[Assignment]: Using the records below, return exactly the lines from the one containing "Some of the words" through the last, and omit pictures.

BEGIN Exercise data

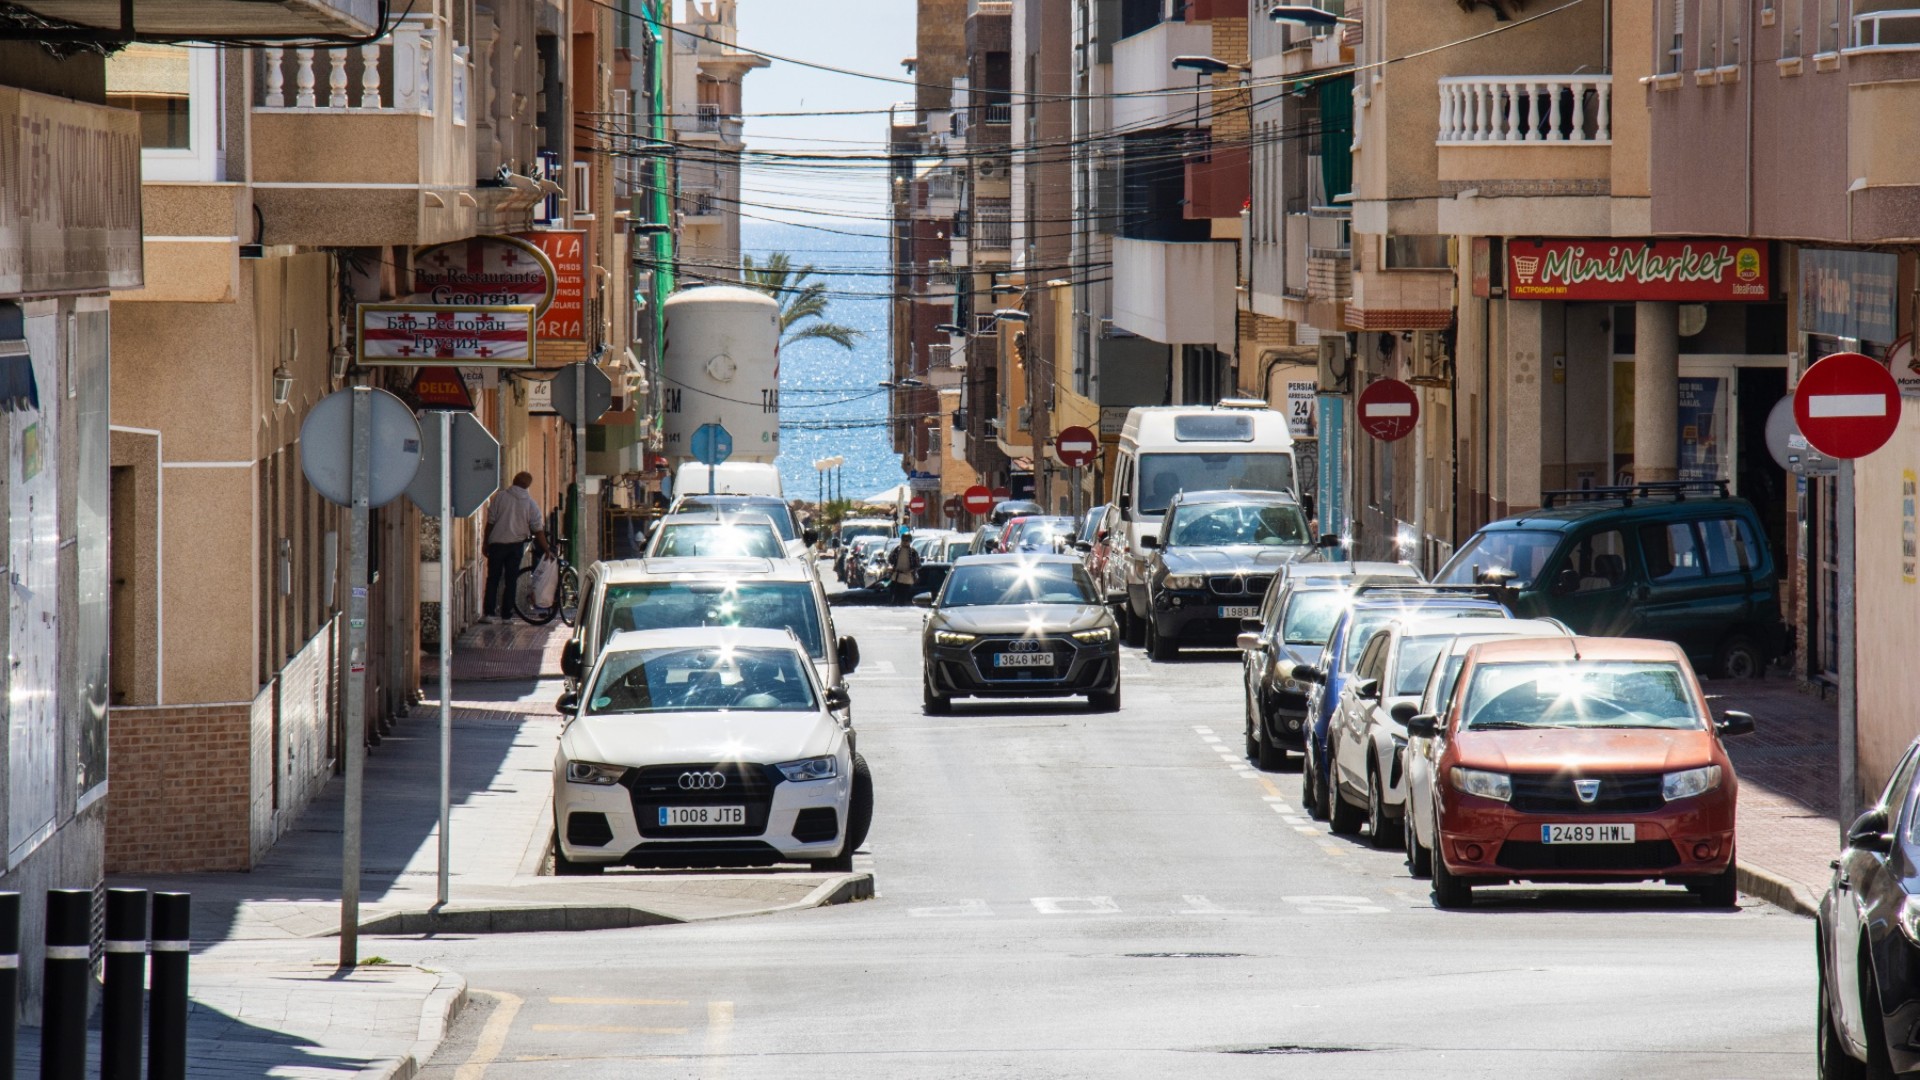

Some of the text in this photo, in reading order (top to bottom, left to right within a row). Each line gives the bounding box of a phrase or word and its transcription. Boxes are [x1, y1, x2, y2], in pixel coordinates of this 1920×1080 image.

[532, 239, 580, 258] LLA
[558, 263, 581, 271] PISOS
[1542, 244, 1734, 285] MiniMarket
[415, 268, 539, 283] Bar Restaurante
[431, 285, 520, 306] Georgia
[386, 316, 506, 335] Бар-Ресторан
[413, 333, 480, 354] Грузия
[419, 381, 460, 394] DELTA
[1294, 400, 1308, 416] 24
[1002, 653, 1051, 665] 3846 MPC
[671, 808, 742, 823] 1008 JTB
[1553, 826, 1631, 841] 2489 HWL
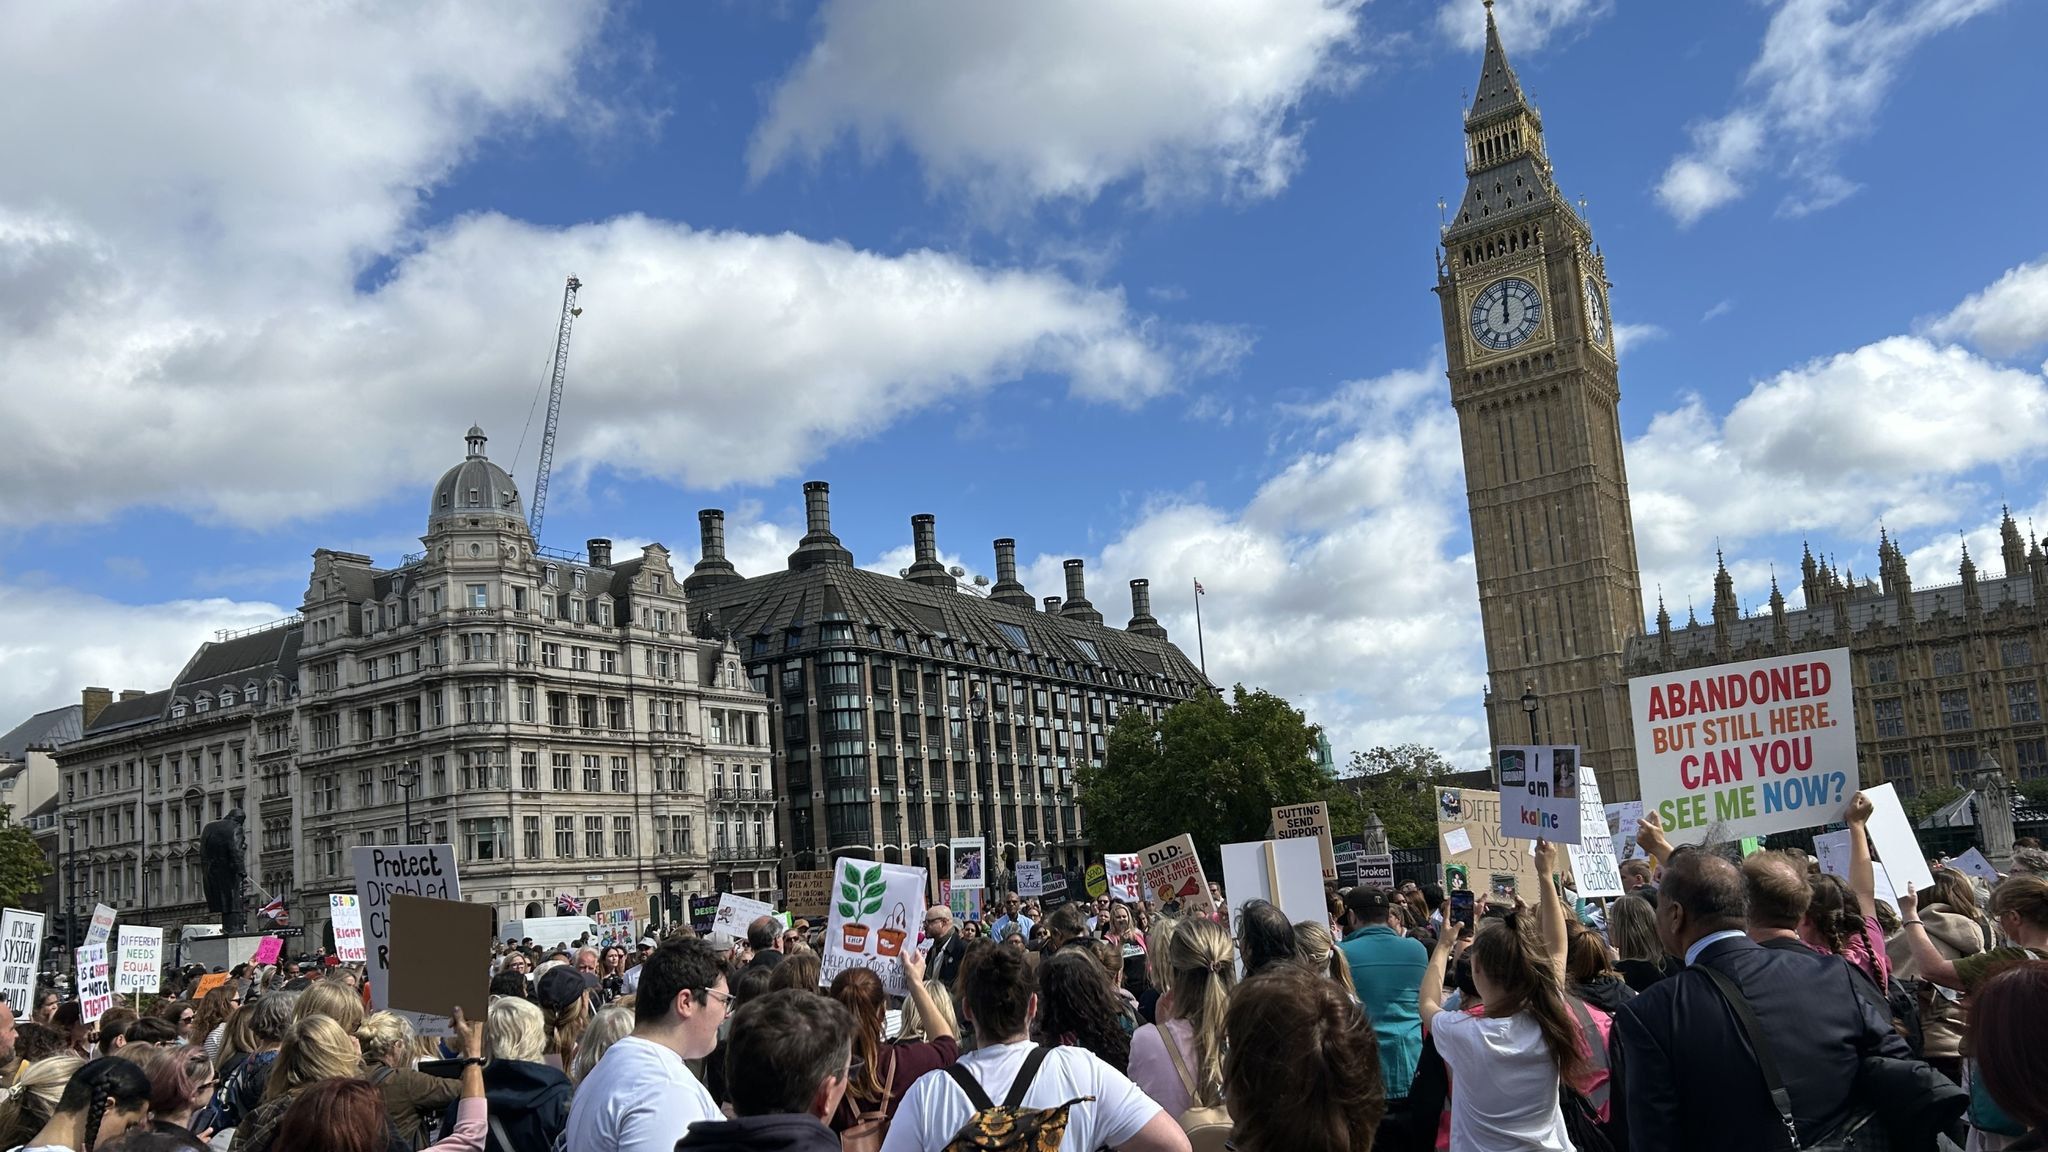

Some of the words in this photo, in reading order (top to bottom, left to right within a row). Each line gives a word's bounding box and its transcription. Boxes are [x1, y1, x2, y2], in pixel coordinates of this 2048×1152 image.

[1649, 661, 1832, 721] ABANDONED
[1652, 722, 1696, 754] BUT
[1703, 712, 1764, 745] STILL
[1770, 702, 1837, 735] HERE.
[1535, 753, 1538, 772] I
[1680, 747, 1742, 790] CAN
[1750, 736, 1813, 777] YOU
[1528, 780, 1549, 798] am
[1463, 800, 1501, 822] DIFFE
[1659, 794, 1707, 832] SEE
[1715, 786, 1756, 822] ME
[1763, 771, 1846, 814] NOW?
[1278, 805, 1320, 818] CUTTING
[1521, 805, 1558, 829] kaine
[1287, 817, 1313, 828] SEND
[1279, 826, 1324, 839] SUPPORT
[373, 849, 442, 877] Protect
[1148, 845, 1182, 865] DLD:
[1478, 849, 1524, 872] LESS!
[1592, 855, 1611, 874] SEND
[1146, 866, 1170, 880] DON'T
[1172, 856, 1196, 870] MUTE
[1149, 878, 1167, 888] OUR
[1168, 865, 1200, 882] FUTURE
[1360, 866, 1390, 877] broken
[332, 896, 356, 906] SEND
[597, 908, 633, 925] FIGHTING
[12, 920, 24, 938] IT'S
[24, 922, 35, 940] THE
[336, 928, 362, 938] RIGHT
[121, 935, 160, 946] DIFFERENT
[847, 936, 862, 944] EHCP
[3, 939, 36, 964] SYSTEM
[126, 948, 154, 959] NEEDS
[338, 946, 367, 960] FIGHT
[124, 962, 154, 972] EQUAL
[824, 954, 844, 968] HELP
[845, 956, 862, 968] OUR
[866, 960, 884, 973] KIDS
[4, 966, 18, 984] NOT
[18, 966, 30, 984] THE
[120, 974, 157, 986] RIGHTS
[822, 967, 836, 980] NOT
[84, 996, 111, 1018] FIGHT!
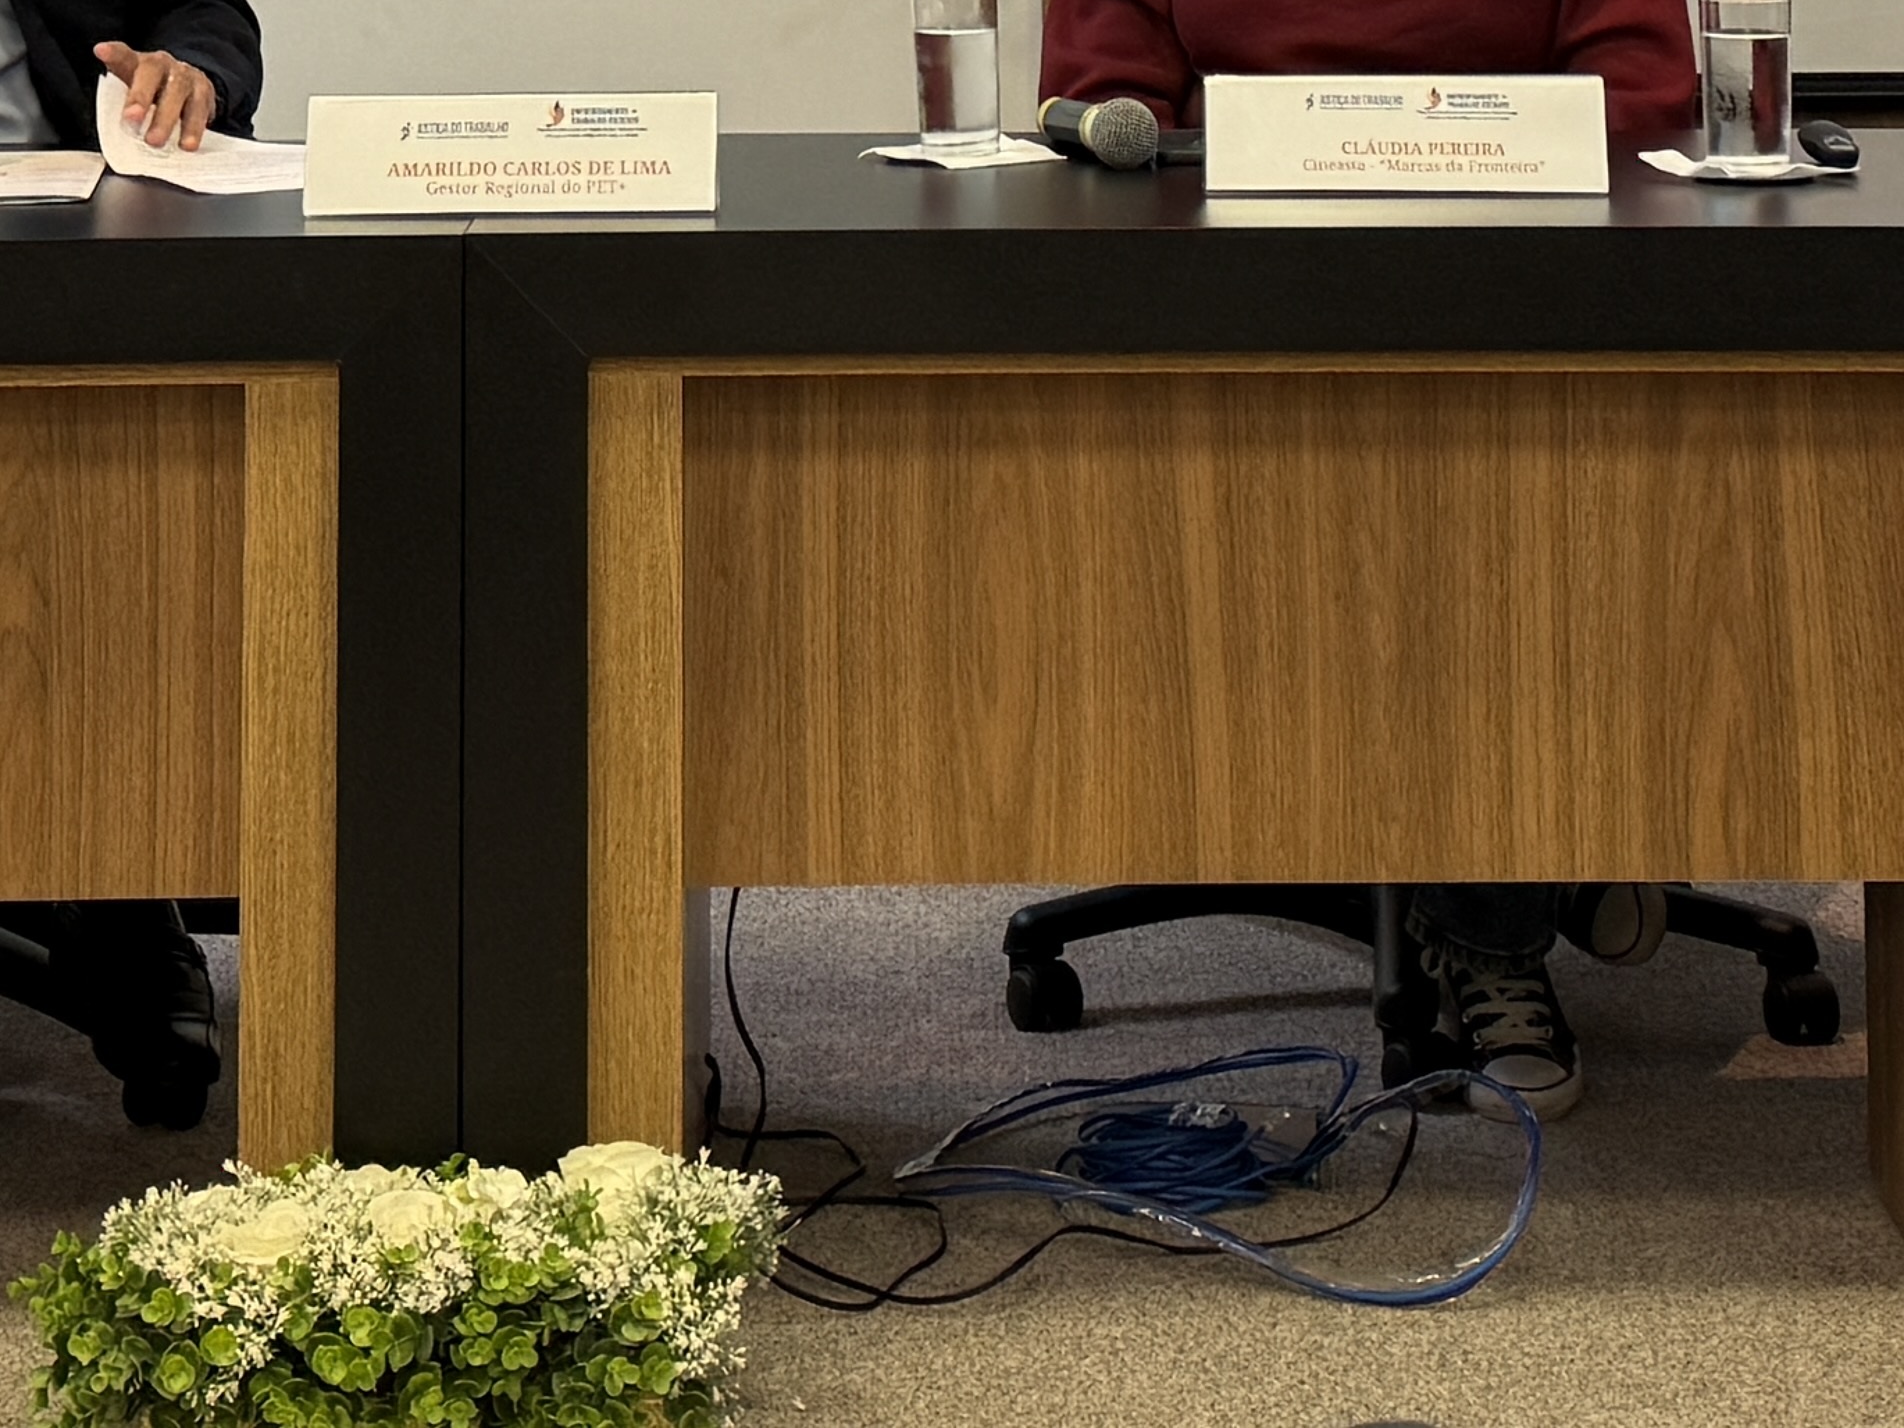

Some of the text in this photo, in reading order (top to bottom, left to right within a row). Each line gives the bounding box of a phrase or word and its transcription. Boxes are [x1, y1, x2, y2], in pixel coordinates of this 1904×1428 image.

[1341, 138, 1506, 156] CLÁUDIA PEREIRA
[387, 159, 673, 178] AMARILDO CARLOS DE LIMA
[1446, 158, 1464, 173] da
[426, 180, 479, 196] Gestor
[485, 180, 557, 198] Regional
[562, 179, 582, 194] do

END Exercise data

[Answer box]:
Some of the words in this photo, in reading order (top to bottom, left to right within a row). Each line gives a word's bounding box and its transcription. Boxes are [x1, y1, x2, y2], in pixel coordinates of this 2048×1152 image.

[1649, 661, 1832, 721] ABANDONED
[1652, 722, 1696, 754] BUT
[1703, 712, 1764, 745] STILL
[1770, 702, 1837, 735] HERE.
[1535, 753, 1538, 772] I
[1680, 747, 1742, 790] CAN
[1750, 736, 1813, 777] YOU
[1528, 780, 1549, 798] am
[1463, 800, 1501, 822] DIFFE
[1659, 794, 1707, 832] SEE
[1715, 786, 1756, 822] ME
[1763, 771, 1846, 814] NOW?
[1278, 805, 1320, 818] CUTTING
[1521, 805, 1558, 829] kaine
[1287, 817, 1313, 828] SEND
[1279, 826, 1324, 839] SUPPORT
[373, 849, 442, 877] Protect
[1148, 845, 1182, 865] DLD:
[1478, 849, 1524, 872] LESS!
[1592, 855, 1611, 874] SEND
[1146, 866, 1170, 880] DON'T
[1172, 856, 1196, 870] MUTE
[1149, 878, 1167, 888] OUR
[1168, 865, 1200, 882] FUTURE
[1360, 866, 1390, 877] broken
[332, 896, 356, 906] SEND
[597, 908, 633, 925] FIGHTING
[12, 920, 24, 938] IT'S
[24, 922, 35, 940] THE
[336, 928, 362, 938] RIGHT
[121, 935, 160, 946] DIFFERENT
[847, 936, 862, 944] EHCP
[3, 939, 36, 964] SYSTEM
[126, 948, 154, 959] NEEDS
[338, 946, 367, 960] FIGHT
[124, 962, 154, 972] EQUAL
[824, 954, 844, 968] HELP
[845, 956, 862, 968] OUR
[866, 960, 884, 973] KIDS
[4, 966, 18, 984] NOT
[18, 966, 30, 984] THE
[120, 974, 157, 986] RIGHTS
[822, 967, 836, 980] NOT
[84, 996, 111, 1018] FIGHT!

Some of the text in this photo, in reading order (top to bottom, left to right within a row). Each line gives the bounding box of a phrase or word and its transcription. Boxes are [x1, y1, x2, y2], in pixel coordinates of this 1904×1428 image.

[1341, 138, 1506, 156] CLÁUDIA PEREIRA
[387, 159, 673, 178] AMARILDO CARLOS DE LIMA
[1446, 158, 1464, 173] da
[426, 180, 479, 196] Gestor
[485, 180, 557, 198] Regional
[562, 179, 582, 194] do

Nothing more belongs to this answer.